We will say simply here, if Heide Feller Krakauer wished to discontinue her study of Aesthetic Realism, she was certainly welcome to do so, as anyone is. But she has no right to be a falsifier.
Ms. G. presented these “detractors” as unquestionably legitimate. They, with their accusations, were not to be doubted. She gave them legitimacy because they met her hope: their ill-intent meshed with hers. Another sign of that intent: While indicating that the judgment of anyone who studies Aesthetic Realism should be discredited, she also did not want to find out if there were persons who no longer study Aesthetic Realism but care for it, respect it enormously, and are grateful to it. There are, in fact, many such persons—who would see what those “detractors” say as loathsome fakery. But Ms. G. was not interested in presenting their view either. It didn't suit her intent.

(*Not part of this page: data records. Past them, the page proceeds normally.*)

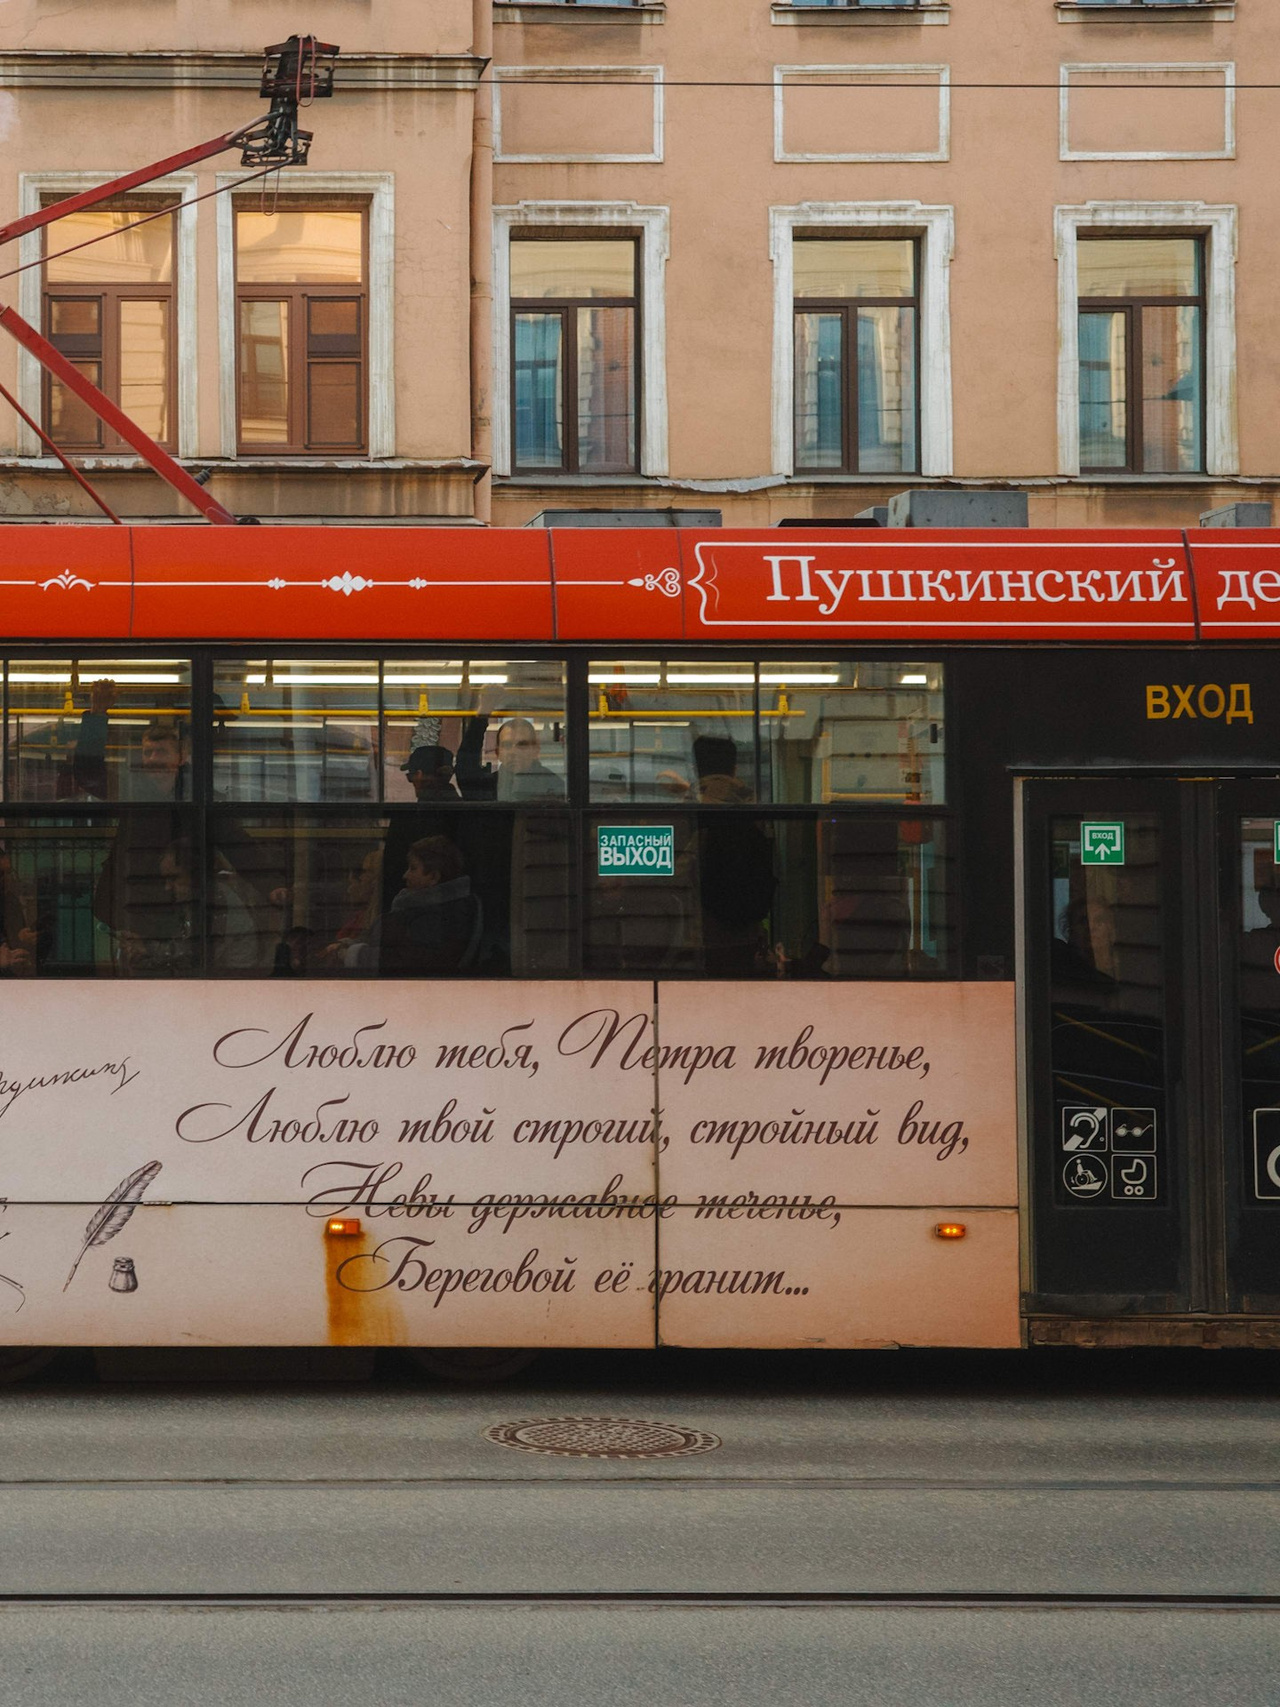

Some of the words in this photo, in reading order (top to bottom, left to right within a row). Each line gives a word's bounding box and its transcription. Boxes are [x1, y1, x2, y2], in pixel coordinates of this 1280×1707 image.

[763, 555, 1187, 615] Пушкинский
[1217, 570, 1280, 611] де
[1146, 683, 1254, 725] ВХОД
[600, 833, 671, 846] ЗАПАСНЫЙ
[600, 846, 671, 869] ВЫХОД
[1092, 832, 1114, 840] ВХОД
[213, 1012, 417, 1068] Люблю
[435, 1018, 540, 1078] тебя,
[557, 1008, 736, 1086] Петра
[754, 1025, 931, 1086] творенье,
[175, 1086, 380, 1143] Люблю
[398, 1098, 498, 1143] твой
[513, 1106, 671, 1159] строгий,
[690, 1108, 879, 1160] стройный
[897, 1100, 970, 1161] вид,
[301, 1161, 456, 1218] Невы
[467, 1173, 678, 1234] державное
[694, 1190, 841, 1230] теченье,
[336, 1236, 577, 1308] Береговой
[594, 1262, 634, 1293] её
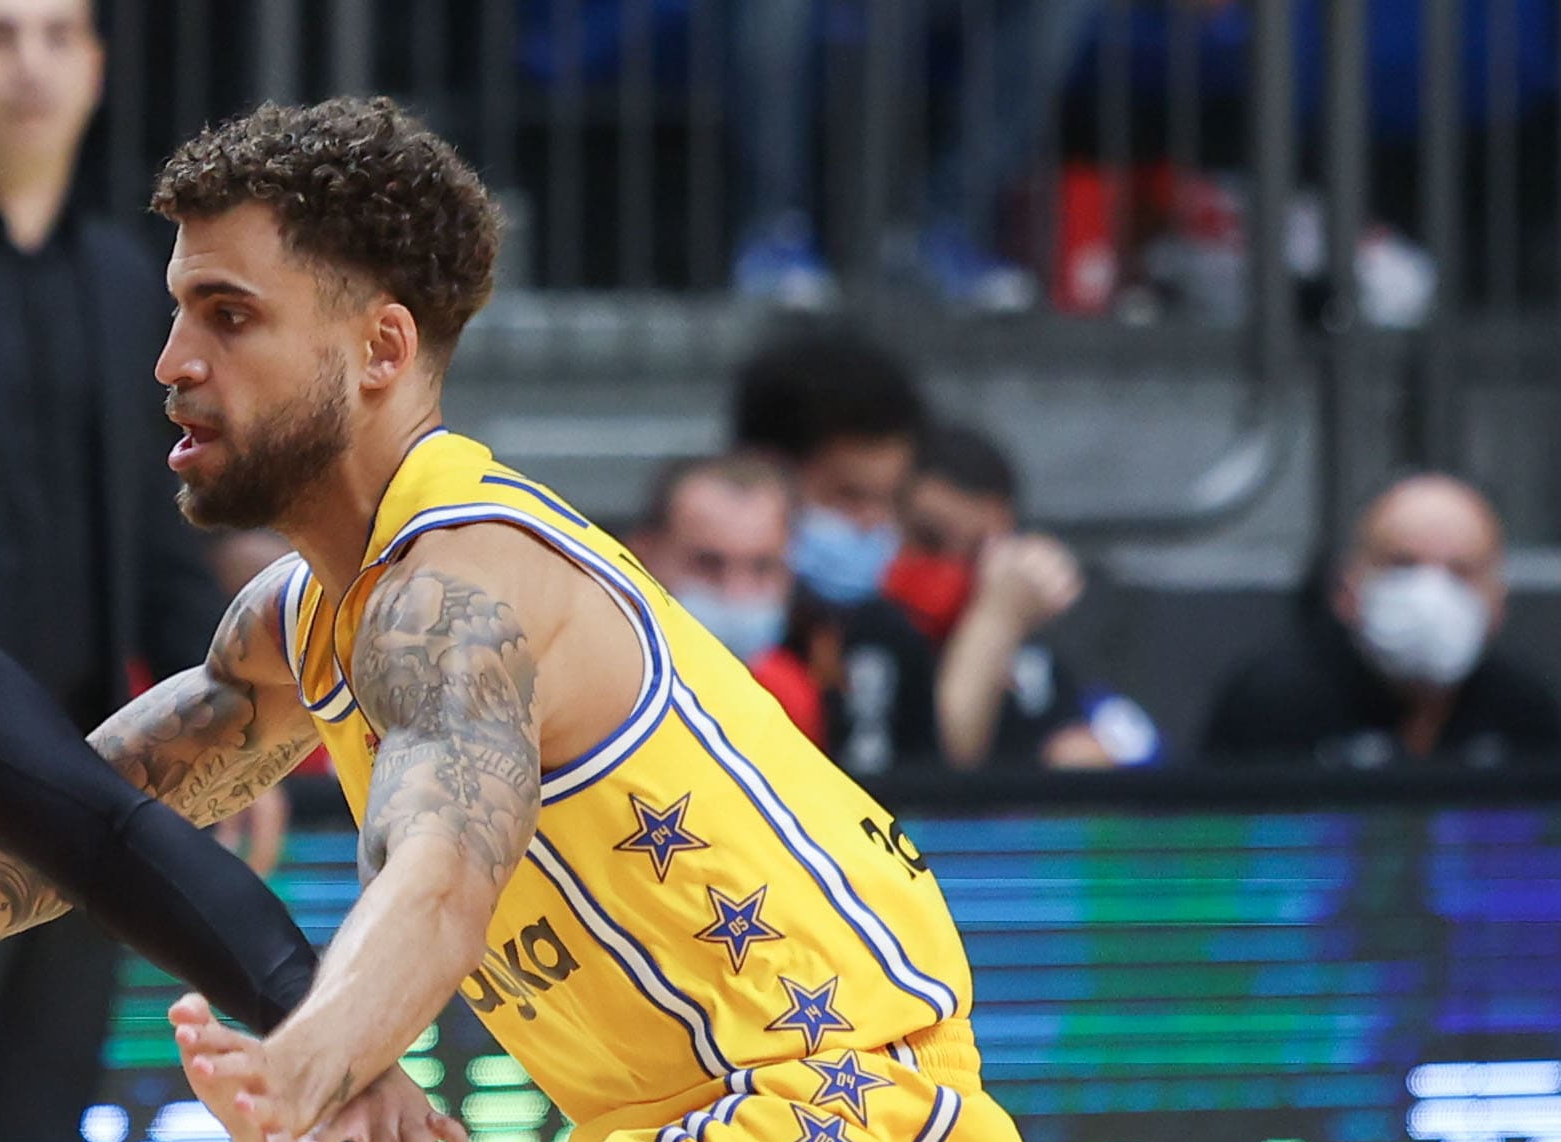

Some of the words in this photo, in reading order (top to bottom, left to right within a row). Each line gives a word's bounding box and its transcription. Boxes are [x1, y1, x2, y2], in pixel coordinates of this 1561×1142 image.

[650, 824, 672, 846] 04
[727, 917, 749, 936] 05
[804, 1006, 821, 1023] 14
[835, 1071, 857, 1091] 04
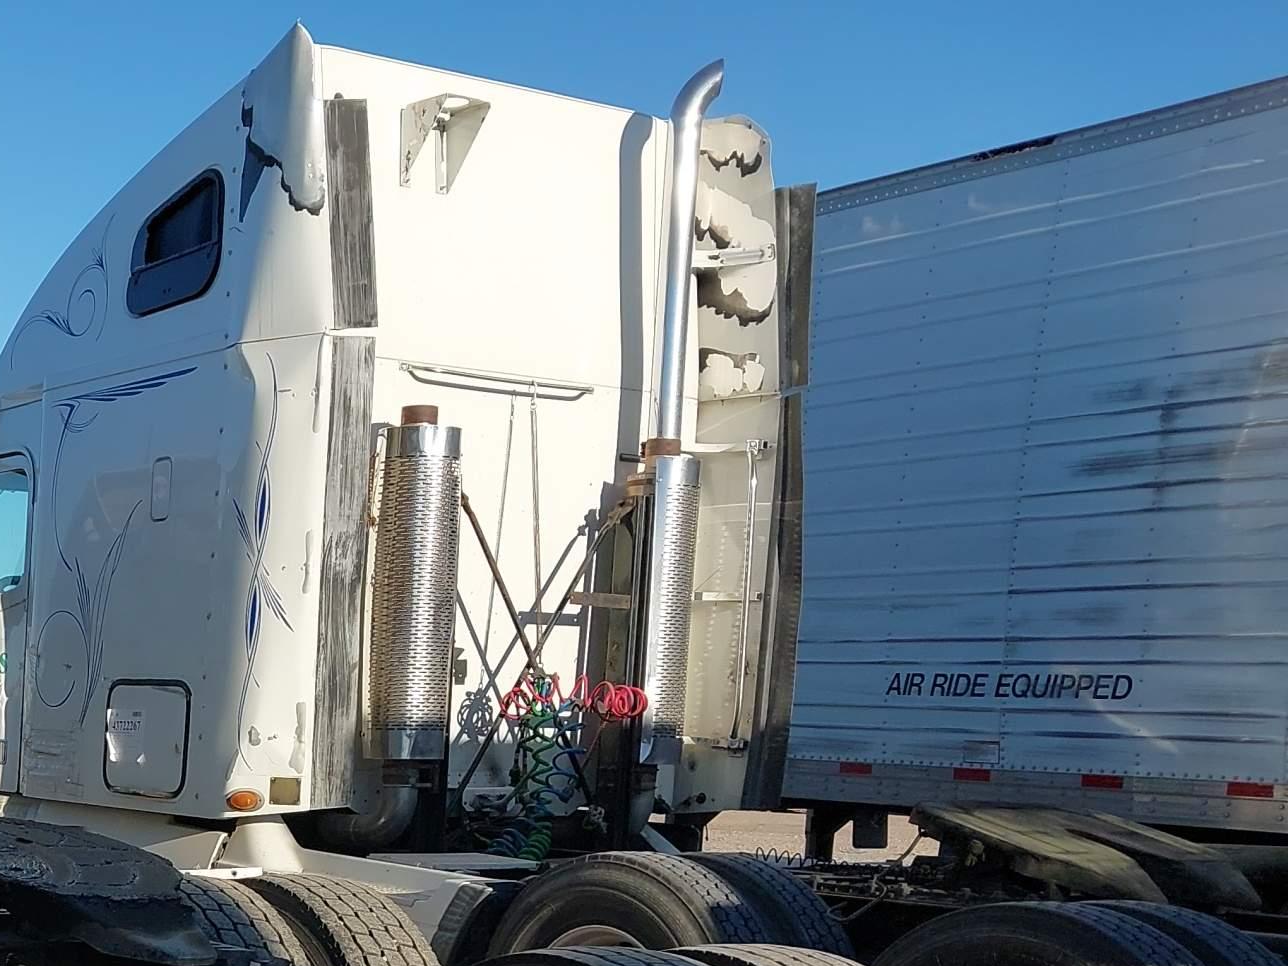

She quotes various “cult awareness” advisors. One of those quoted says nothing about Aesthetic Realism at all, but is made to seem as though he does because of the way his statement is placed. Another says she is “reluctant to call it a cult.” We are not going to comment in toto on the persons who have made this field a career for themselves; the individuals, we're sure, are various. But it is a career, and some persons charge a good deal of money an hour to “counsel” people. They have a stake, including financial, in representing something as a cult rather than not. We know that at least one of the persons quoted in the article has presented Alcoholics Anonymous as a cult. No one, including Ms. G., should pretend that everyone in this field is simply out to perform a public service.
Furthermore, the situation in this field is one that can also be cleverly created. The “detractors,” out to hurt Aesthetic Realism, can get in touch with a “cult awareness” advisor and bad-mouth Aesthetic Realism to him. Then when a Ms. G. calls the “cult awareness” advisor to comment on the “detractors'” statements, he says, “Oh, yes, I've counseled people about Aesthetic Realism.” It can be a manufactured ill will circle.
There is much more to say about the ill intent, the disregard of truth in that piece the Jewish Times dishonored Judaism by printing. It has hurt every person who has read it, because it has lied to them. It has lied about a person who was honest and great, and a body of knowledge that is large, beautiful, true, and kind. The article is also damaging to people's reputations and means of livelihood, and every moment it remains on the web the damage increases. It should be removed from there immediately, and means must be found to redress this hideous wrong.